MILAN (Reuters) -Iveco coordinated closely with the Italian government on its deals to sell its truck business to Tata Motors and its defence unit to Leonardo, a source with knowledge of the matter said on Monday.
India’s Tata Motors last week agreed to buy Iveco in a deal valuing it at 3.8 billion euros, while the Italian truck and bus maker separately agreed to sell its IDV defence business to Leonardo, giving it an enterprise value of 1.7 billion euros.
The government’s preliminary review of the deals, before they were officially announced, may indicate Prime Minister Giorgia Meloni’s administration will not set heavy conditions on the deals.
Iveco declined to comment on Monday.
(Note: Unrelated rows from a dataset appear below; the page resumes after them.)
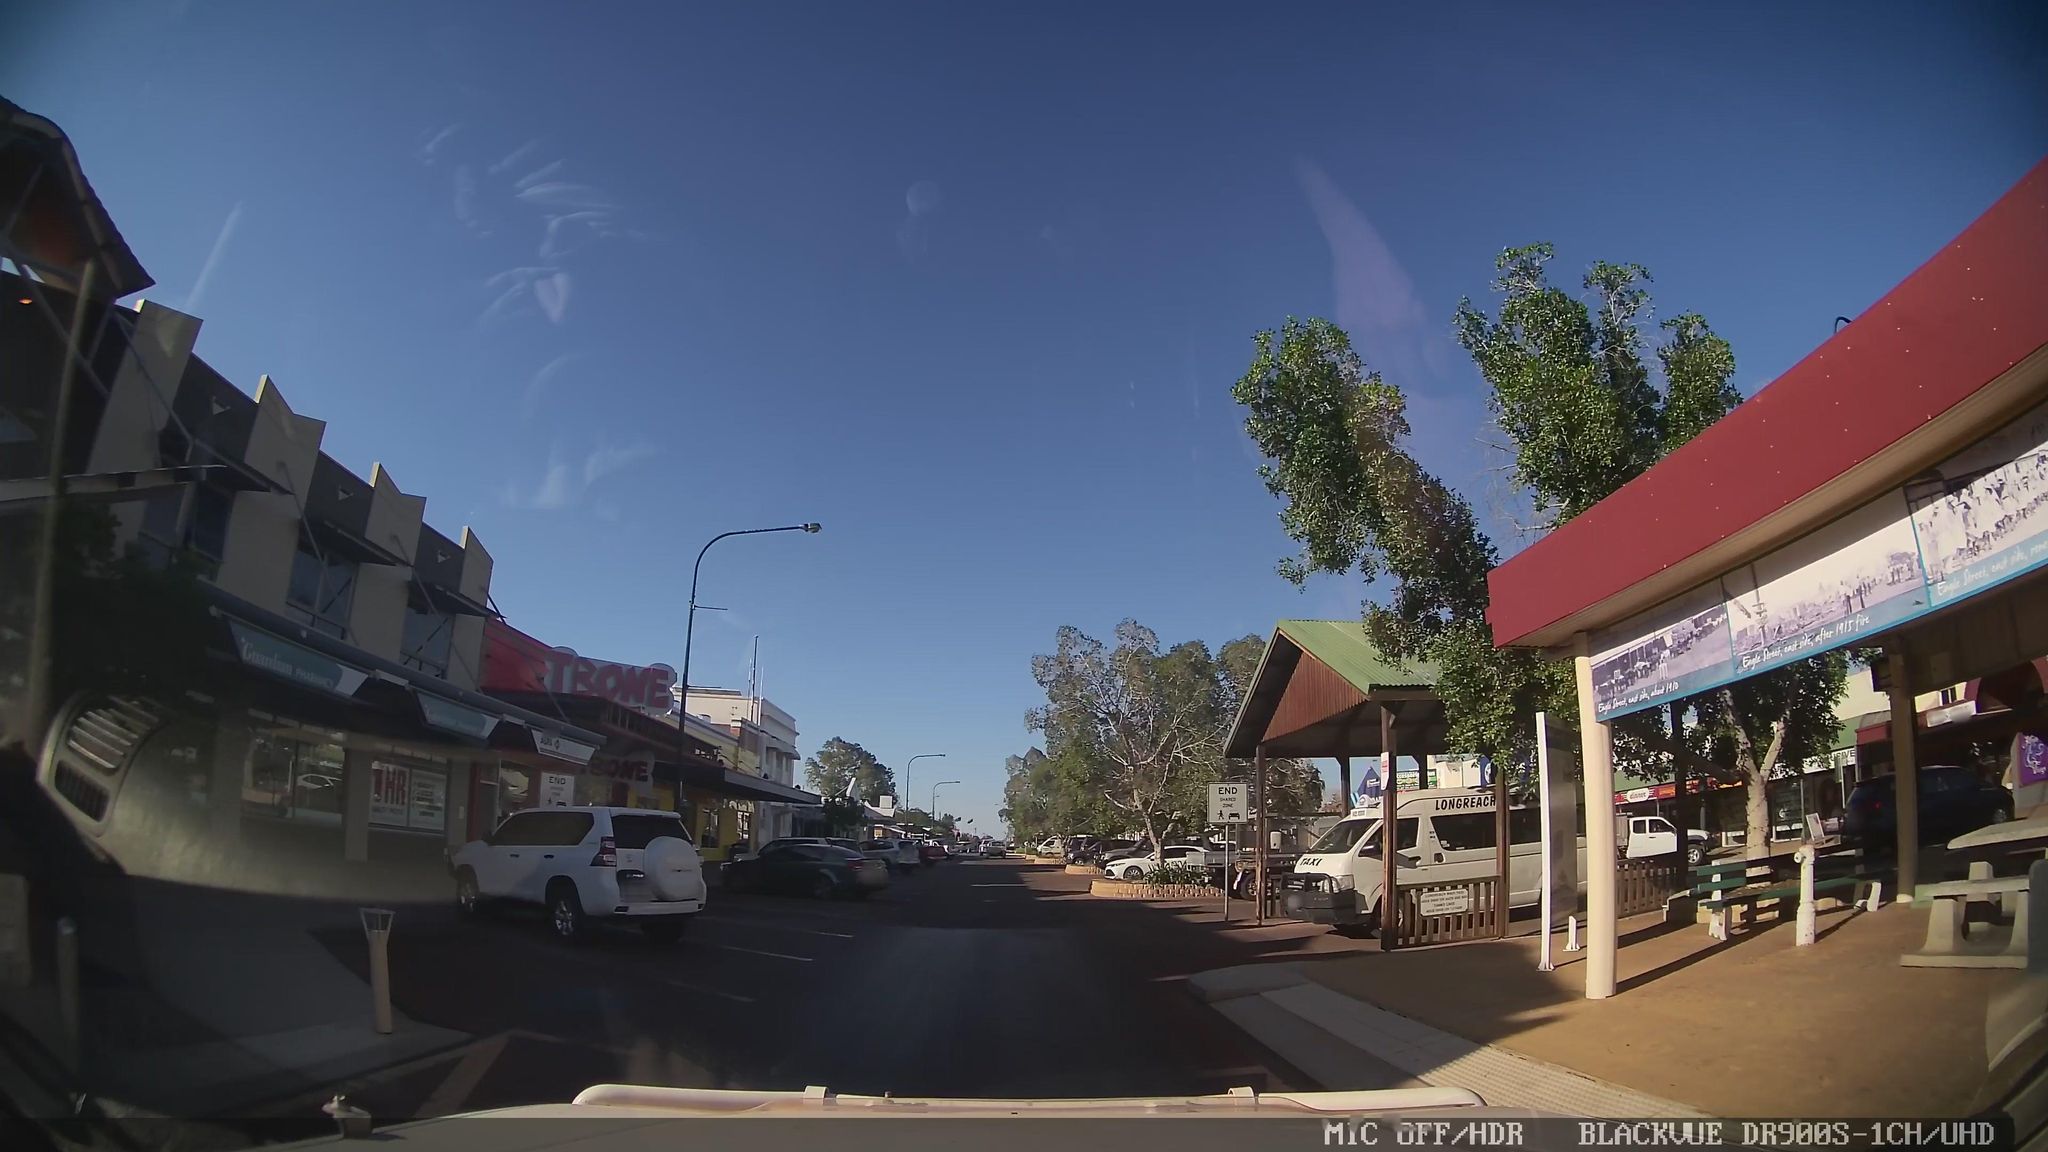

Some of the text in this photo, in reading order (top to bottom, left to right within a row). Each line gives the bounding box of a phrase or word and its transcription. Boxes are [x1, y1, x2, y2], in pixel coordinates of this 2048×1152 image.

[1742, 655, 1761, 670] Eagle
[1815, 627, 1834, 643] after
[1836, 619, 1852, 637] 1915
[1855, 613, 1871, 632] fire
[1598, 702, 1612, 716] Eagle
[1650, 684, 1665, 697] about
[1665, 681, 1679, 693] 1910
[548, 776, 567, 786] END
[1218, 786, 1238, 795] END
[1435, 796, 1496, 810] LONGREACH
[1300, 857, 1323, 866] TAXI
The Italian government was not immediately available for comment.
Presenting the deals last week, Iveco CEO Olof Persson said Tata Motors had committed to maintaining Iveco’s “industrial footprint and employee communities”, as well as its corporate identity.
Iveco’s headquarters will remain in Turin, Italy, after the acquisition is completed, the two groups also said last week.
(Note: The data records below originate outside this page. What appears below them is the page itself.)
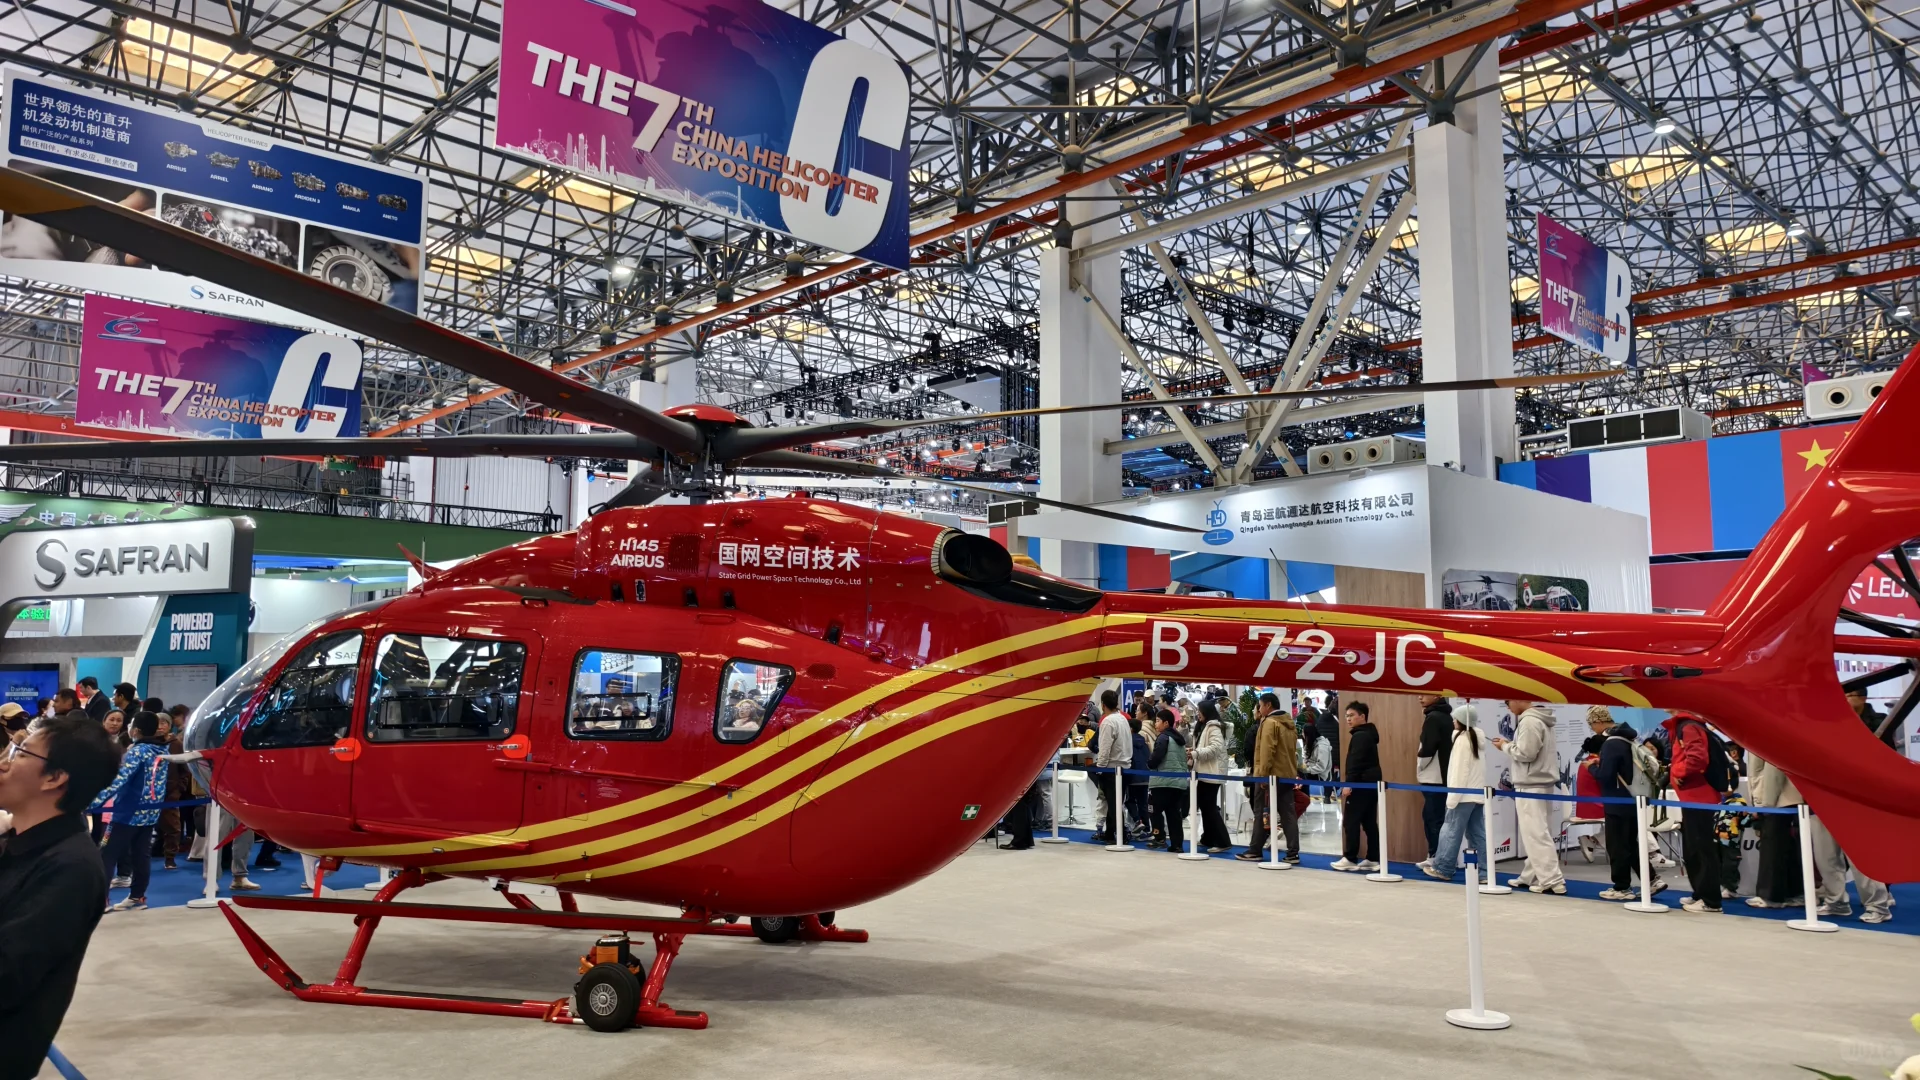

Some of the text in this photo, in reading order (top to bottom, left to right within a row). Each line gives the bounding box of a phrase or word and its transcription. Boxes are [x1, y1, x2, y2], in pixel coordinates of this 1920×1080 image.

[527, 41, 636, 116] THE
[23, 92, 132, 129] 世界领先的直升
[21, 124, 94, 147] 提供广泛的产品系列
[22, 108, 131, 144] 机发动机制造商
[207, 128, 268, 148] HELICOPTER ENGINES
[779, 38, 911, 255] C
[166, 163, 187, 173] ARRIUS
[672, 142, 810, 203] EXPOSITION
[676, 120, 880, 204] CHINA HELICOPTER
[210, 174, 229, 183] ARRIEL
[208, 291, 265, 307] SAFRAN
[1546, 278, 1568, 307] THE
[1577, 305, 1627, 336] CHINA HELICOPTER
[1577, 318, 1609, 338] EXPOSITION
[94, 367, 164, 398] THE
[187, 405, 283, 428] EXPOSITION
[190, 394, 337, 423] CHINA HELICOPTER
[1239, 525, 1265, 534] Qingdao
[1316, 517, 1343, 525] Aviation
[1345, 513, 1383, 524] Technology
[1401, 509, 1415, 517] Ltd.
[1240, 493, 1414, 523] 青岛运航通达航空科技有限公司
[620, 539, 659, 552] H145
[719, 542, 860, 571] 国网空间技术
[73, 542, 209, 577] SAFRAN
[610, 554, 665, 568] AIRBUS
[738, 572, 751, 580] Grid
[773, 575, 793, 583] Space
[794, 576, 833, 585] Technology
[835, 578, 848, 586] Co.,
[171, 613, 214, 631] POWERED
[170, 632, 212, 651] BY TRUST
Iveco last year made 74% of its revenues in Europe and 11% in South America, whereas Tata currently has no European or South American truck or bus making operations.
That absence of overlap in those regions will enable the Indian manufacturer to scale up the Iveco business, the source said, including through investments needed to expand the smallest European truckmaker and to meet industry safety and environmental regulations.
The source said Tata Motors increased the total headcount in two previous large M&A deals it made, the 2004 acquisition of Daewoo Commercial Vehicle in South Korea and the 2008 purchase of Jaguar Land Rover in the United Kingdom.
The Italian government is expected to put the two sales under scrutiny as part of so-called golden power legislation, which allows it to intervene on deals involving companies deemed of national interest.
When the two deals were announced last Wednesday, officials from Meloni’s administration said the government supported “quality foreign investment” but would closely follow the deals to ensure the protection of jobs, strategic resources and the wider production chain.
Iveco employs around 36,000 people, including 14,000 in Italy.
Exor, the holding company of Italy’s Agnelli family, currently owns a 27.1% controlling stake in Iveco, with 43.1% of voting rights.